Unison, estimates that 9,500 homes around Taupō, Hastings and Napier were affected by deliberate blackouts after the lines company responded to a plea from national grid operator, Transpower, to reduce load on the electricity network.
"This supply shortage is the inevitable result of decades of underinvestment in new renewable electricity," says Greenpeace Aotearoa climate and energy campaigner, Amanda Larsson.
"While the rest of the world has been embracing new technologies like household solar, battery storage, onshore and offshore wind, both the Government and power companies in New Zealand have sat on their hands for more than 20 years."
"The large generator-retailers have squatted on windfarm consents for decades without building them. Meanwhile, power companies have actively discouraged households from installing solar panels and batteries."
Unison itself caused controversy in 2016 when it introduced the so-called "solar tax", which slapped solar users with a higher lines charge than regular users. Around the same time, the large generator-retailers cut their buy-back rates for solar exported back to the grid.
"Despite more than half of New Zealanders wanting to generate their own power, the Government has done nothing to support people and communities to install solar or wind. Meanwhile, the regulator has allowed power companies to make it as difficult as possible so that they could keep being the only game in town when it comes to power generation," says Larsson.
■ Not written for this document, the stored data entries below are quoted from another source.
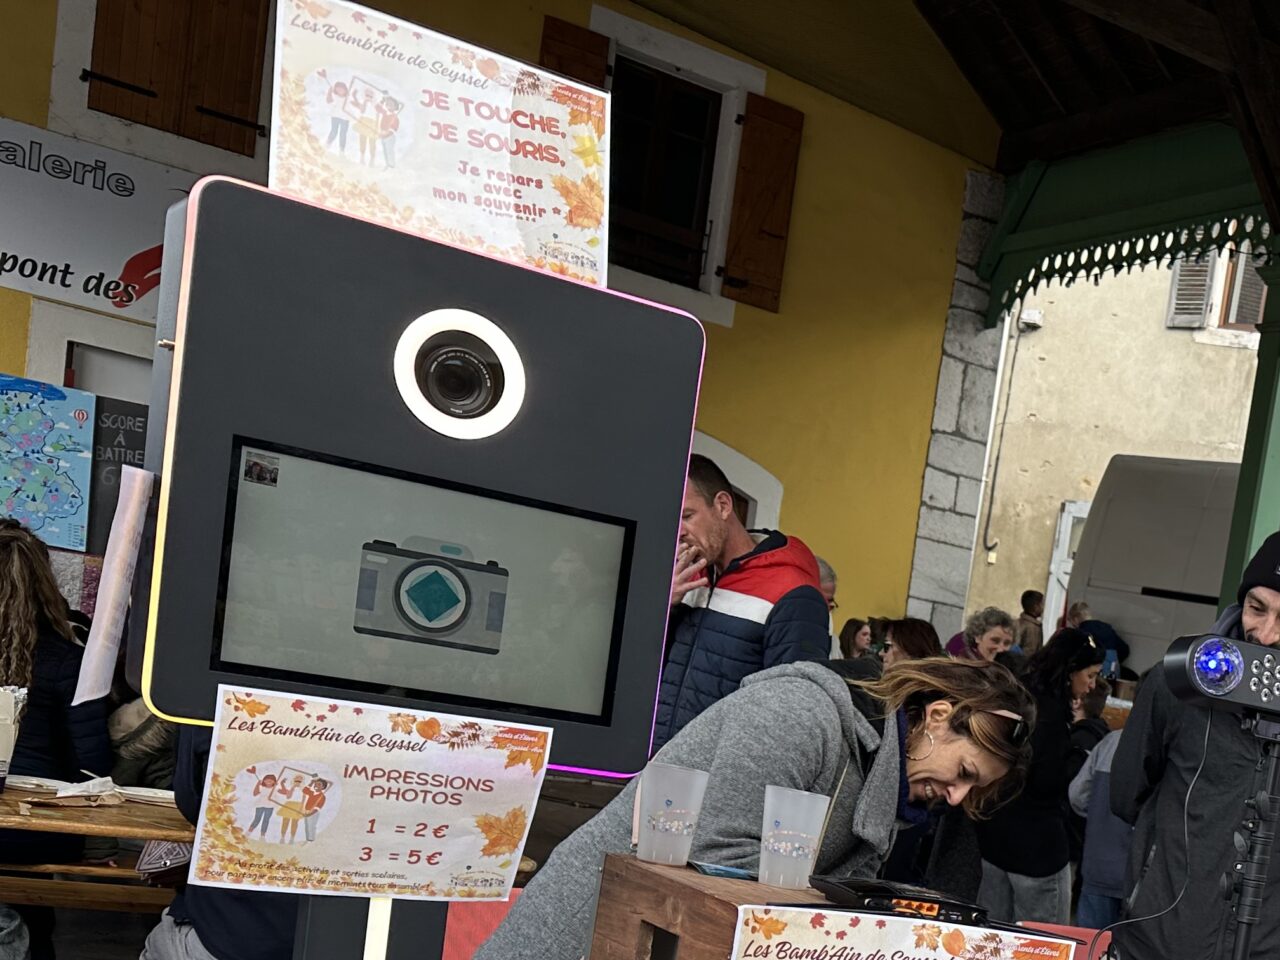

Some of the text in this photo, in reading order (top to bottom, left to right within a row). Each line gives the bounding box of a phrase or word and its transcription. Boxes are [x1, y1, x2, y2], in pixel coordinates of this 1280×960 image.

[290, 13, 489, 90] Les Bamb'Ain de Seyssel
[420, 89, 450, 111] JE
[428, 121, 458, 143] JE
[457, 160, 543, 190] Je repars
[483, 182, 522, 199] avec
[433, 187, 467, 203] mon
[474, 194, 546, 218] souvenir
[82, 272, 138, 303] des
[100, 413, 145, 432] SCORE
[96, 446, 144, 463] BATTRE
[227, 716, 255, 733] Les
[259, 719, 343, 743] Bamb'Ain
[343, 730, 367, 746] de
[367, 734, 427, 753] Seyssel
[370, 785, 463, 805] PHOTOS
[366, 818, 376, 834] 1
[359, 846, 373, 862] 3
[205, 869, 225, 878] pour
[250, 862, 274, 871] profit
[342, 870, 369, 878] sorties
[743, 940, 773, 958] Les
"The rules that govern our electricity market are out of date and they are causing all sorts of issues. New Zealand is importing record amounts of coal, driving up carbon emissions in the middle of a climate crisis. This has sent wholesale prices skyrocketing. And now people are having their power cut off."
Larsson says the way the electricity market is currently designed creates perverse incentives for power companies to keep electricity supply scarce because it ensures power company profits remain high. The market also incentivises power companies to keep some coal and gas burning.
"Coal and gas are expensive to run. Whenever Huntly is firing, it pushes up the wholesale price of electricity, meaning power companies make a killing off of the low-cost hydro power stations that were built decades ago with taxpayer money."
"These market dynamics mean the power companies have had little reason to invest in new and low-cost renewables like solar and wind. In fact, they’ve had a strong incentive to discourage new renewables and to keep belching carbon emissions into our fragile atmosphere."
Larsson says the Government ultimately needs to fix the electricity market so that these perverse incentives are removed.
"But the Government can act immediately to shift the balance by supporting a nationwide rollout of distributed solar and wind power. We’re calling on the Government to introduce a zero interest loan for household solar and battery systems.
"The Government should also act urgently to insulate New Zealand’s 600,000 under-insulated homes, provide grants for community energy schemes and ensure all new housing is built with solar and battery systems installed."